[Opening Data to examine section]

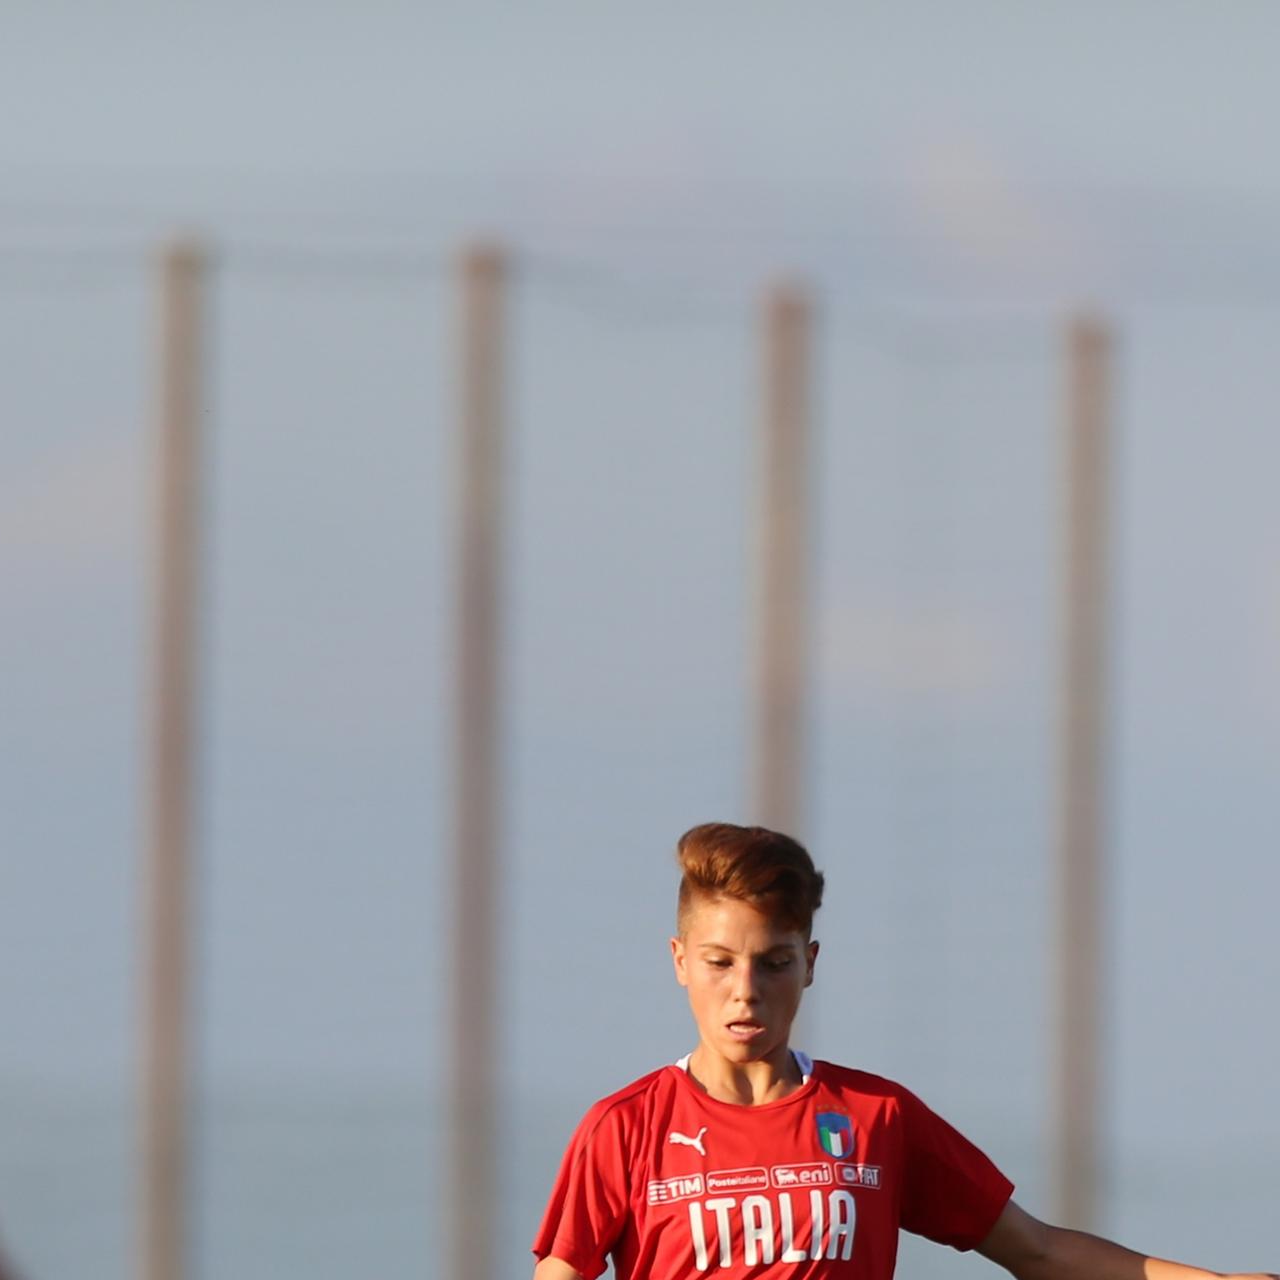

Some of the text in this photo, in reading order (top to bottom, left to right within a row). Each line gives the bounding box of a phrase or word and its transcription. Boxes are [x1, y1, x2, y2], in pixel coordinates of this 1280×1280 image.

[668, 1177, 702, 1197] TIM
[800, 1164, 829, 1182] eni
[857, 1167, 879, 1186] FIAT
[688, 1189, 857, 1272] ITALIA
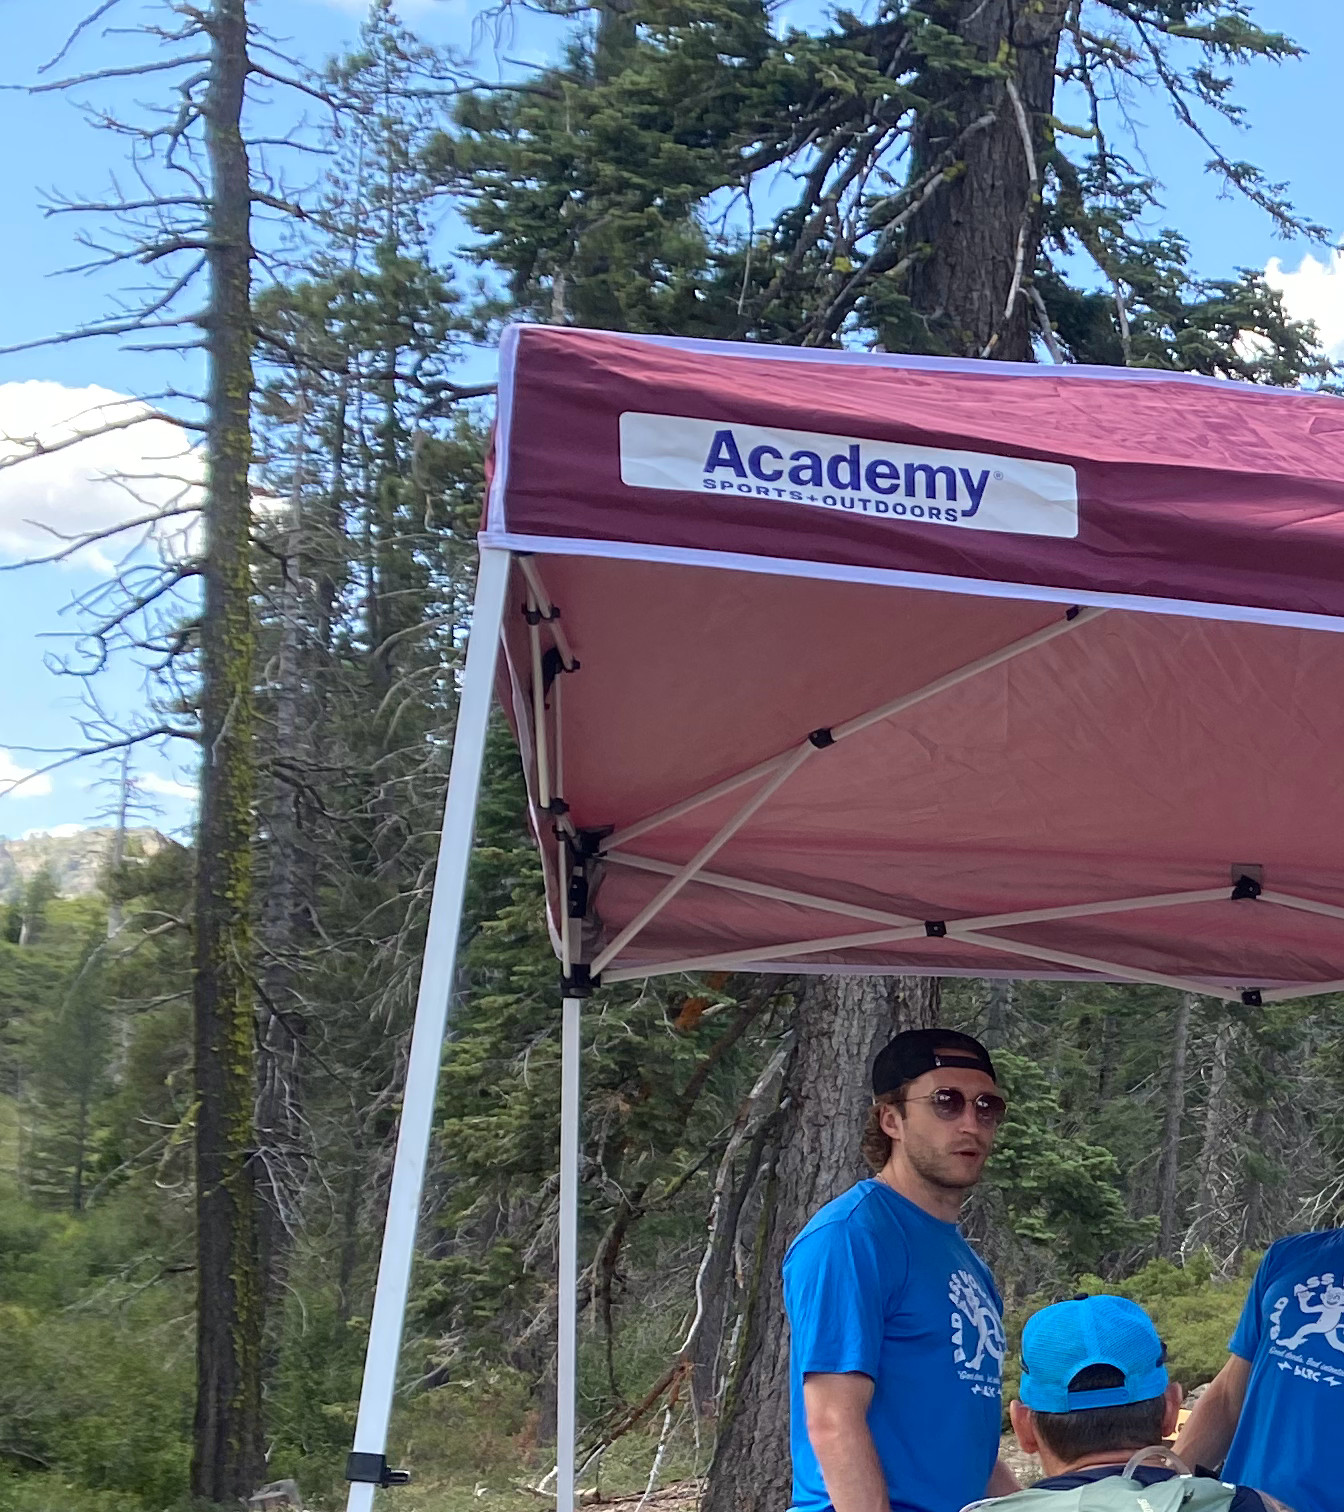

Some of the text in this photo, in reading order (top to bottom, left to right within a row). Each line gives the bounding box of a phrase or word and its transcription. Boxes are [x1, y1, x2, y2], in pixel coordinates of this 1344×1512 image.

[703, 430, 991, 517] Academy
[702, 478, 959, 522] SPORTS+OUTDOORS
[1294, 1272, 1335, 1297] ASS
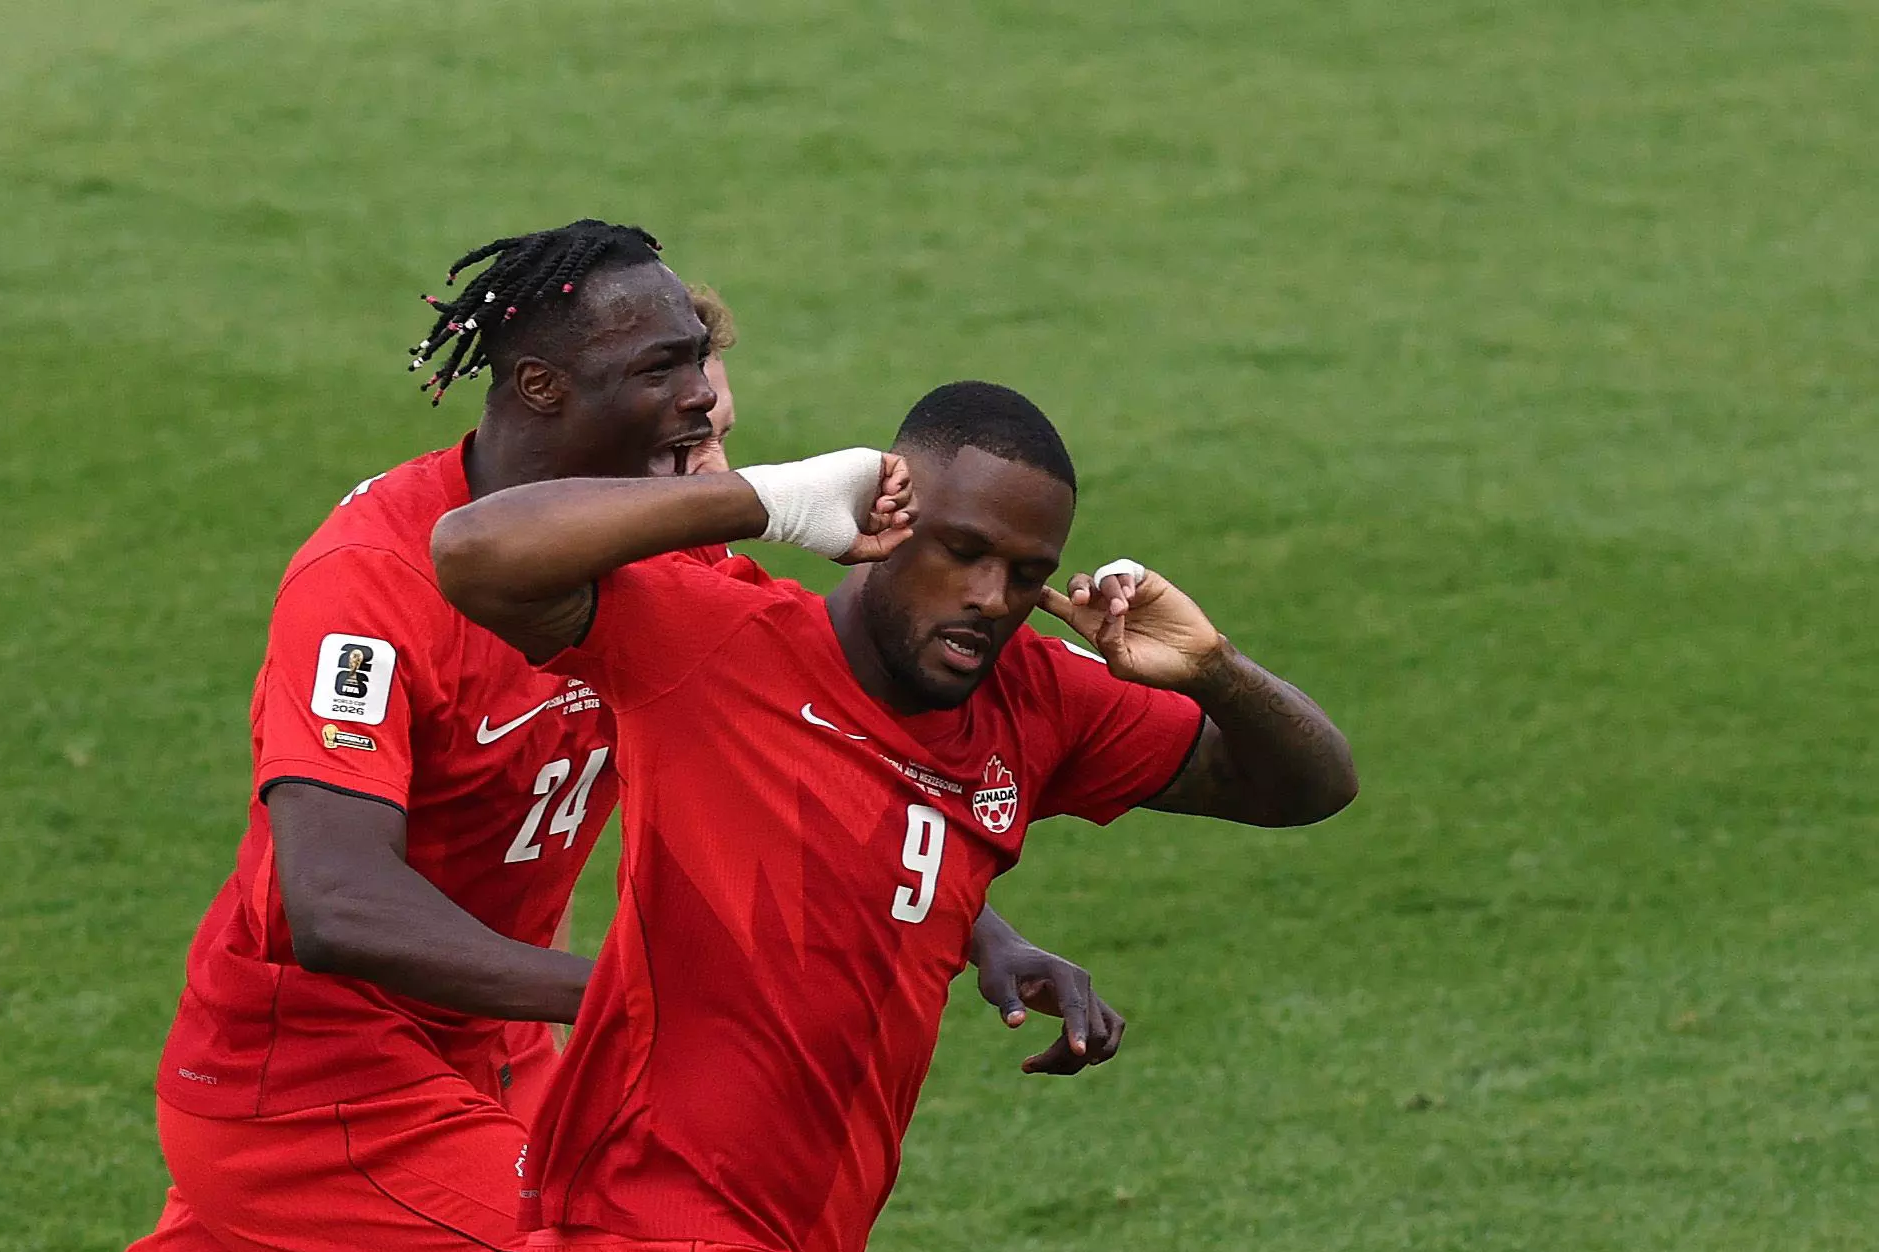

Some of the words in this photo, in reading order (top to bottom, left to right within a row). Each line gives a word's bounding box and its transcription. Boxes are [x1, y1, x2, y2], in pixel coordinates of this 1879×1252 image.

[Closing Data to examine section]

## [Required action]
The entire listing is to be printed exactly, with each picture omitted.

## [Answer to this task]
Some of the text in this photo, in reading order (top to bottom, left to right within a row). Each line gives the bounding box of a phrase or word and its transcription. Boxes are [x1, y1, x2, y2], in pixel coordinates of this 1280×1280 image.

[668, 1177, 702, 1197] TIM
[800, 1164, 829, 1182] eni
[857, 1167, 879, 1186] FIAT
[688, 1189, 857, 1272] ITALIA

Some of the text in this photo, in reading order (top to bottom, left to right within a row). Each line gives the bounding box of a phrase or word and its transcription. Boxes are [x1, y1, x2, y2], in pixel coordinates of this 1344×1512 image.

[703, 430, 991, 517] Academy
[702, 478, 959, 522] SPORTS+OUTDOORS
[1294, 1272, 1335, 1297] ASS

Some of the words in this photo, in reading order (top to bottom, left to right within a row). Each line gives a word's bounding box and its transcription. Boxes are [x1, y1, x2, y2], in pixel coordinates of this 1879×1252 image.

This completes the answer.